We did a job with a pre-finished Shaw plank. The job was about 4000sq ft. The Gypcrete was Maxxon with the Maxxon sealer applied. Then verify moisture content was good. I spent many hours getting the shaw rep to commit to being able to put it over the gypcrete. It specifically said in the instructions not to. We have had no issues with the floor. 

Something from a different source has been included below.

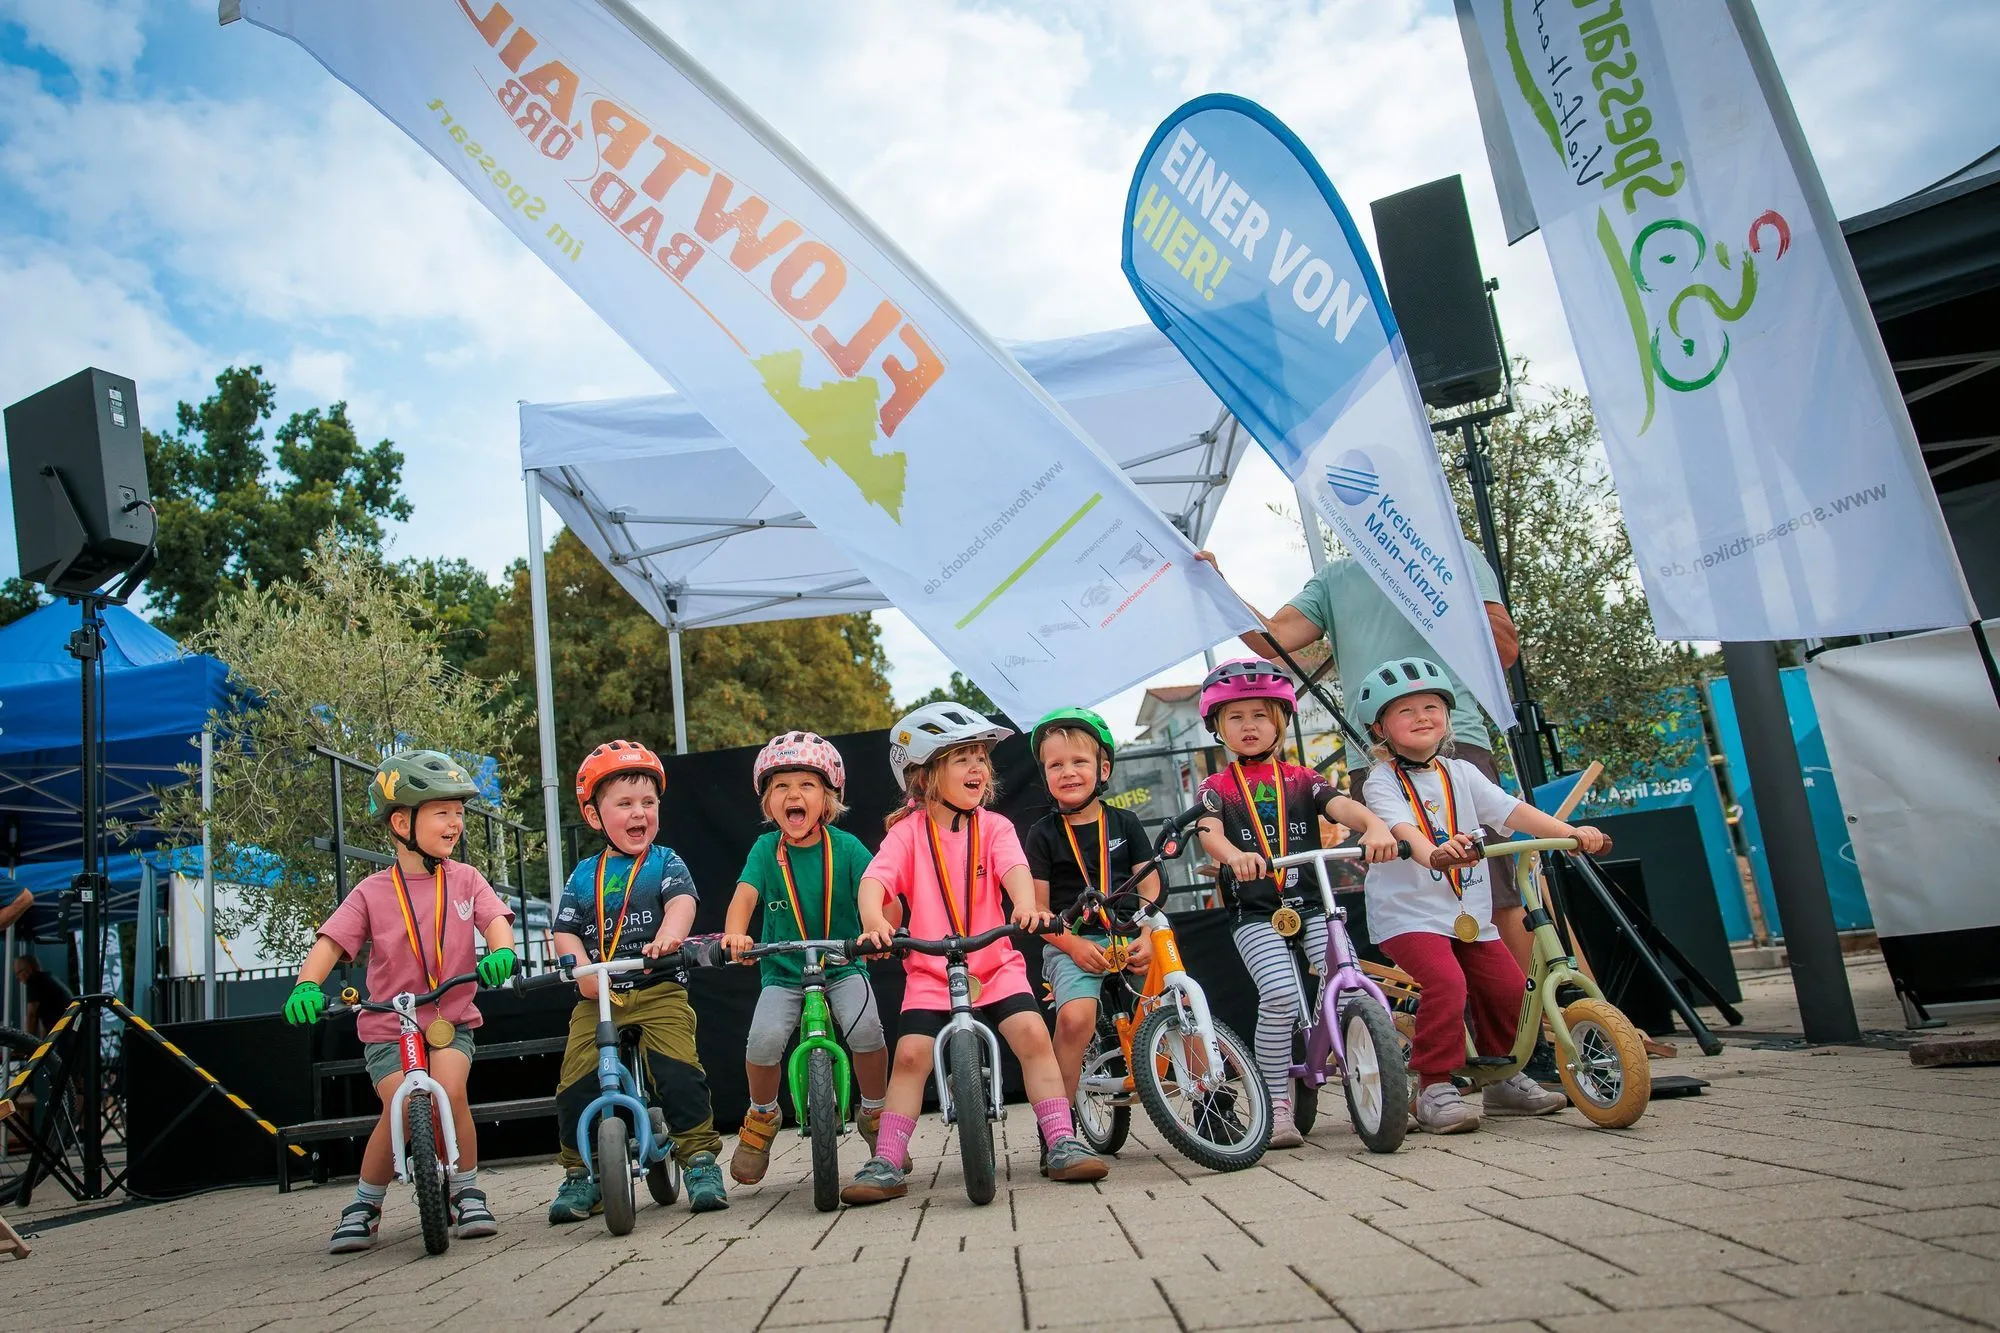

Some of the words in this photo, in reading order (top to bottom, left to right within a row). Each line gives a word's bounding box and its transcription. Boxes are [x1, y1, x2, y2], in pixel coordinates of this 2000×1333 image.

I would make sure and use the gypcrete's sealer so as not to void their warranty.


----------



## RhodesHardwood (Jun 28, 2010)

Thanks for the reply. Ya unfortunately they want us to seal the gypcrete with the sealer I mentioned.. I did just find that Taylor (the adhesive manufacturer I planned to use) actually makes a gypcrete sealer and it is also acrylic latex based like the other product they mentioned. So think I might see if they are open to using it.. I did specify the psi strength of the gypcrete to that will not be an issue.. My only dilemma is making sure that I'm not going to run into issues with bonding.. Either way I appreciate the reply, and it's good to know that someone has had some success with this.


----------



## ccoffer (Jan 30, 2005)

Have you "reached out" to whoever specified the product you seem squeamish about using?


----------



## RhodesHardwood (Jun 28, 2010)

Thanks for the reply. Yes I've been in discussion about this job for about 30-40 days. I have spoke with the architect, gypcrete guy, the contractor etc.. They are all insisting that we use this. I've done a fair amount of research tonight and it seems that it's at least somewhat common to seal the gypcrete.. From what I am gathering it seems that not sealing it will cause the gypcrete to suck too much moisture from the adhesive and that can potentially cause issues..


----------



## Metro M & L (Jun 3, 2009)

Ive laid approximatley 8000 feet of solid bamboo over gypcrete with ms plus. No primer. No call back. Floor needs to be flat and thats about it. Ive been doing these installs for the last 30 months. The gypcrete is 20 years old so its perfectly dry; a newly poured slab will require much more caution.


----------



## MIKE ANTONETTI (Jul 17, 2012)

*Anyone Have Experience Gluing Engineered Hardwood To Gypcrete?*

I haven't looked up the specco product nor any hardwood on gypcrete.
But we installed LVP to Gypcrete. We used Ardex primer 81 or 51 can't remember # but the effect it seemed to have was not a "sealer", it seemed to strengthen by penetrating down creating vertical 3 dimensional bond.
You know weakness is right below the product(primer) applied, so when it soaks in it creates a better bond than on a flat plane


----------



## RhodesHardwood (Jun 28, 2010)

Metro M & L said:


> Ive laid approximatley 8000 feet of solid bamboo over gypcrete with ms plus. No primer. No call back. Floor needs to be flat and thats about it. Ive been doing these installs for the last 30 months. The gypcrete is 20 years old so its perfectly dry; a newly poured slab will require much more caution.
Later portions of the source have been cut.